* [WHAT TO WORK ON]: Every entry needs to be reproduced exactly.
*** Opening RAW DATA ***
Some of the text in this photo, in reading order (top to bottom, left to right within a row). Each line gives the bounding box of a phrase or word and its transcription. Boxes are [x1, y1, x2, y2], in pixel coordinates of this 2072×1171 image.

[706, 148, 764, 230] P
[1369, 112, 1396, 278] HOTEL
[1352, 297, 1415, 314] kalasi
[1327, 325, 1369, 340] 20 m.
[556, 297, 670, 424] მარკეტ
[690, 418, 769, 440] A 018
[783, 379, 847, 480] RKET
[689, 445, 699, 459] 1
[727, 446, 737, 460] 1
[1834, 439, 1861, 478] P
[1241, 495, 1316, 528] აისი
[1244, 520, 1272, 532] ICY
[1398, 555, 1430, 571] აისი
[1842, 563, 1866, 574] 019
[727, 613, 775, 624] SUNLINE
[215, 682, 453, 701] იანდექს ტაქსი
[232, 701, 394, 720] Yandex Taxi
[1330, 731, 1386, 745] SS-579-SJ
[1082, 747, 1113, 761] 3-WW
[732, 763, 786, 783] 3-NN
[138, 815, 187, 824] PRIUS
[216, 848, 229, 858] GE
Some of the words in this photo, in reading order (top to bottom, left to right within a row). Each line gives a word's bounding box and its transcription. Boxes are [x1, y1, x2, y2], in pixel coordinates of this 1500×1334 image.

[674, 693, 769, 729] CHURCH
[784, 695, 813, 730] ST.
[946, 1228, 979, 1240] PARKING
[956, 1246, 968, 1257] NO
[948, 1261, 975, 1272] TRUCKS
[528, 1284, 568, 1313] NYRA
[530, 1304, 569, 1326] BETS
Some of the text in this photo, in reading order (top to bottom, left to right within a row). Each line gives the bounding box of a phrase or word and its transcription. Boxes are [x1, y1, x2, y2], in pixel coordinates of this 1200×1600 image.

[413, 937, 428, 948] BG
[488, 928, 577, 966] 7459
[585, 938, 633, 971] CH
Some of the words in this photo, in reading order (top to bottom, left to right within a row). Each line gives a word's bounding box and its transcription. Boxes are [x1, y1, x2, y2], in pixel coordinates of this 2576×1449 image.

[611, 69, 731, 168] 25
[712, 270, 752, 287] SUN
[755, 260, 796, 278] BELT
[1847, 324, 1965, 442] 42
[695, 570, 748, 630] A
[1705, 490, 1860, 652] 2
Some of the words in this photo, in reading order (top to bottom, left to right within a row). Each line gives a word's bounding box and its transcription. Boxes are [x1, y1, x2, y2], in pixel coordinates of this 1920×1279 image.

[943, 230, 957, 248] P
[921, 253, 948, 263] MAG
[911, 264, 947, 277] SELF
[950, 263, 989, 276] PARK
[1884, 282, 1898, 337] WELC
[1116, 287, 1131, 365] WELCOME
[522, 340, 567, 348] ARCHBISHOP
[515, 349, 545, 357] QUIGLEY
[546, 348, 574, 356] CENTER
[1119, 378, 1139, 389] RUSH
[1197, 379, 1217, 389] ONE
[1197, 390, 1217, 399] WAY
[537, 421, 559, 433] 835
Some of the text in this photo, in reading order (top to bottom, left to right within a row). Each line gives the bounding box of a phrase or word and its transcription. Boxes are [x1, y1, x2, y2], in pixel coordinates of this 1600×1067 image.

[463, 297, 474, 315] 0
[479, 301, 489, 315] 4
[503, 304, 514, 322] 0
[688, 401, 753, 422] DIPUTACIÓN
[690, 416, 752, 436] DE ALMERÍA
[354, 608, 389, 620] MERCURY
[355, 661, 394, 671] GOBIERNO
*** Closing RAW DATA ***
* [TASK SOLUTION]:
Some of the text in this photo, in reading order (top to bottom, left to right within a row). Each line gives the bounding box of a phrase or word and its transcription. Boxes are [x1, y1, x2, y2], in pixel coordinates of this 2072×1171 image.

[706, 148, 764, 230] P
[1369, 112, 1396, 278] HOTEL
[1352, 297, 1415, 314] kalasi
[1327, 325, 1369, 340] 20 m.
[556, 297, 670, 424] მარკეტ
[690, 418, 769, 440] A 018
[783, 379, 847, 480] RKET
[689, 445, 699, 459] 1
[727, 446, 737, 460] 1
[1834, 439, 1861, 478] P
[1241, 495, 1316, 528] აისი
[1244, 520, 1272, 532] ICY
[1398, 555, 1430, 571] აისი
[1842, 563, 1866, 574] 019
[727, 613, 775, 624] SUNLINE
[215, 682, 453, 701] იანდექს ტაქსი
[232, 701, 394, 720] Yandex Taxi
[1330, 731, 1386, 745] SS-579-SJ
[1082, 747, 1113, 761] 3-WW
[732, 763, 786, 783] 3-NN
[138, 815, 187, 824] PRIUS
[216, 848, 229, 858] GE
Some of the words in this photo, in reading order (top to bottom, left to right within a row). Each line gives a word's bounding box and its transcription. Boxes are [x1, y1, x2, y2], in pixel coordinates of this 1500×1334 image.

[674, 693, 769, 729] CHURCH
[784, 695, 813, 730] ST.
[946, 1228, 979, 1240] PARKING
[956, 1246, 968, 1257] NO
[948, 1261, 975, 1272] TRUCKS
[528, 1284, 568, 1313] NYRA
[530, 1304, 569, 1326] BETS
Some of the text in this photo, in reading order (top to bottom, left to right within a row). Each line gives the bounding box of a phrase or word and its transcription. Boxes are [x1, y1, x2, y2], in pixel coordinates of this 1200×1600 image.

[413, 937, 428, 948] BG
[488, 928, 577, 966] 7459
[585, 938, 633, 971] CH
Some of the words in this photo, in reading order (top to bottom, left to right within a row). Each line gives a word's bounding box and its transcription. Boxes are [x1, y1, x2, y2], in pixel coordinates of this 2576×1449 image.

[611, 69, 731, 168] 25
[712, 270, 752, 287] SUN
[755, 260, 796, 278] BELT
[1847, 324, 1965, 442] 42
[695, 570, 748, 630] A
[1705, 490, 1860, 652] 2
Some of the words in this photo, in reading order (top to bottom, left to right within a row). Each line gives a word's bounding box and its transcription. Boxes are [x1, y1, x2, y2], in pixel coordinates of this 1920×1279 image.

[943, 230, 957, 248] P
[921, 253, 948, 263] MAG
[911, 264, 947, 277] SELF
[950, 263, 989, 276] PARK
[1884, 282, 1898, 337] WELC
[1116, 287, 1131, 365] WELCOME
[522, 340, 567, 348] ARCHBISHOP
[515, 349, 545, 357] QUIGLEY
[546, 348, 574, 356] CENTER
[1119, 378, 1139, 389] RUSH
[1197, 379, 1217, 389] ONE
[1197, 390, 1217, 399] WAY
[537, 421, 559, 433] 835
Some of the text in this photo, in reading order (top to bottom, left to right within a row). Each line gives the bounding box of a phrase or word and its transcription. Boxes are [x1, y1, x2, y2], in pixel coordinates of this 1600×1067 image.

[463, 297, 474, 315] 0
[479, 301, 489, 315] 4
[503, 304, 514, 322] 0
[688, 401, 753, 422] DIPUTACIÓN
[690, 416, 752, 436] DE ALMERÍA
[354, 608, 389, 620] MERCURY
[355, 661, 394, 671] GOBIERNO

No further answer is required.